# [Directions for this task]
In your copy, reproduce each entry exactly and include no picture.

# [Data records]
▬▬▬▬▬▬

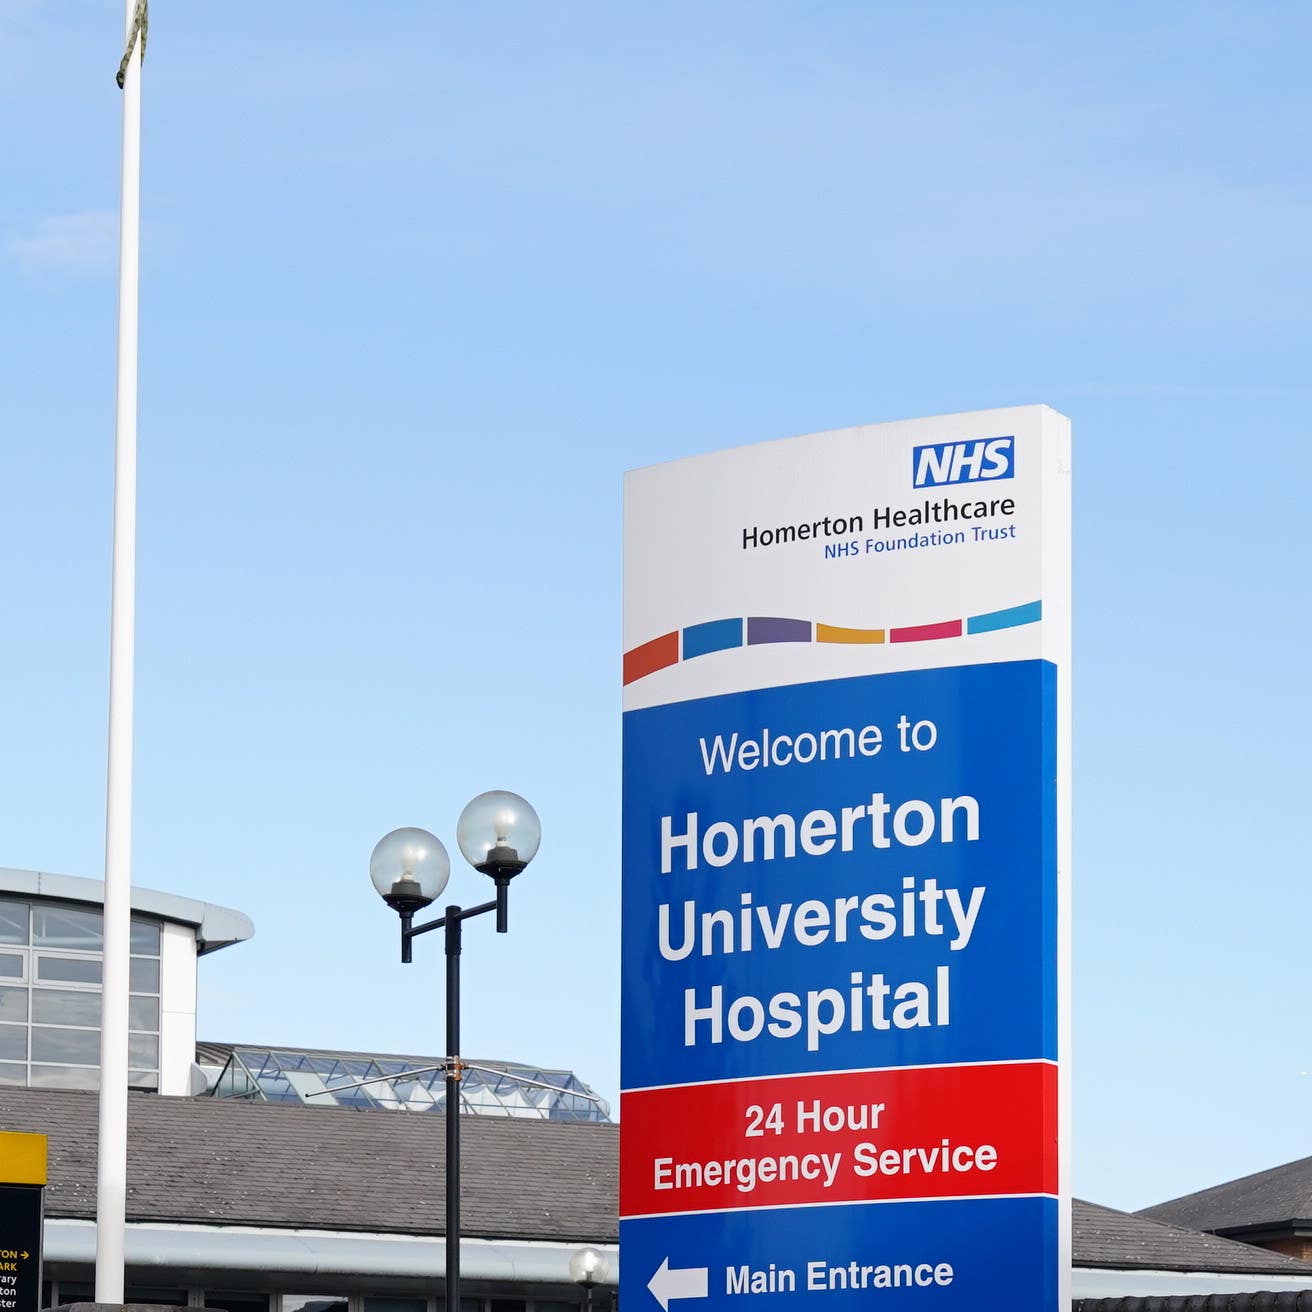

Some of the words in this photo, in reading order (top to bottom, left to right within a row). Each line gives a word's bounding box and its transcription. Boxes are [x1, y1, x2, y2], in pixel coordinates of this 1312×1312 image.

[915, 439, 1012, 486] NHS
[743, 512, 863, 549] Homerton
[873, 498, 1015, 530] Healthcare
[824, 542, 859, 559] NHS
[866, 529, 965, 554] Foundation
[972, 524, 1016, 542] Trust
[699, 726, 882, 775] Welcome
[897, 715, 937, 753] to
[660, 792, 980, 874] Homerton
[658, 876, 986, 962] University
[684, 966, 950, 1051] Hospital
[745, 1103, 784, 1137] 24
[797, 1099, 886, 1133] Hour
[654, 1151, 842, 1192] Emergency
[854, 1139, 997, 1177] Service
[726, 1265, 795, 1295] Main
[808, 1260, 954, 1291] Entrance

▬▬▬▬▬▬

# [Your response]
Some of the words in this photo, in reading order (top to bottom, left to right within a row). Each line gives a word's bounding box and its transcription. Boxes are [x1, y1, x2, y2], in pixel coordinates of this 1312×1312 image.

[915, 439, 1012, 486] NHS
[743, 512, 863, 549] Homerton
[873, 498, 1015, 530] Healthcare
[824, 542, 859, 559] NHS
[866, 529, 965, 554] Foundation
[972, 524, 1016, 542] Trust
[699, 726, 882, 775] Welcome
[897, 715, 937, 753] to
[660, 792, 980, 874] Homerton
[658, 876, 986, 962] University
[684, 966, 950, 1051] Hospital
[745, 1103, 784, 1137] 24
[797, 1099, 886, 1133] Hour
[654, 1151, 842, 1192] Emergency
[854, 1139, 997, 1177] Service
[726, 1265, 795, 1295] Main
[808, 1260, 954, 1291] Entrance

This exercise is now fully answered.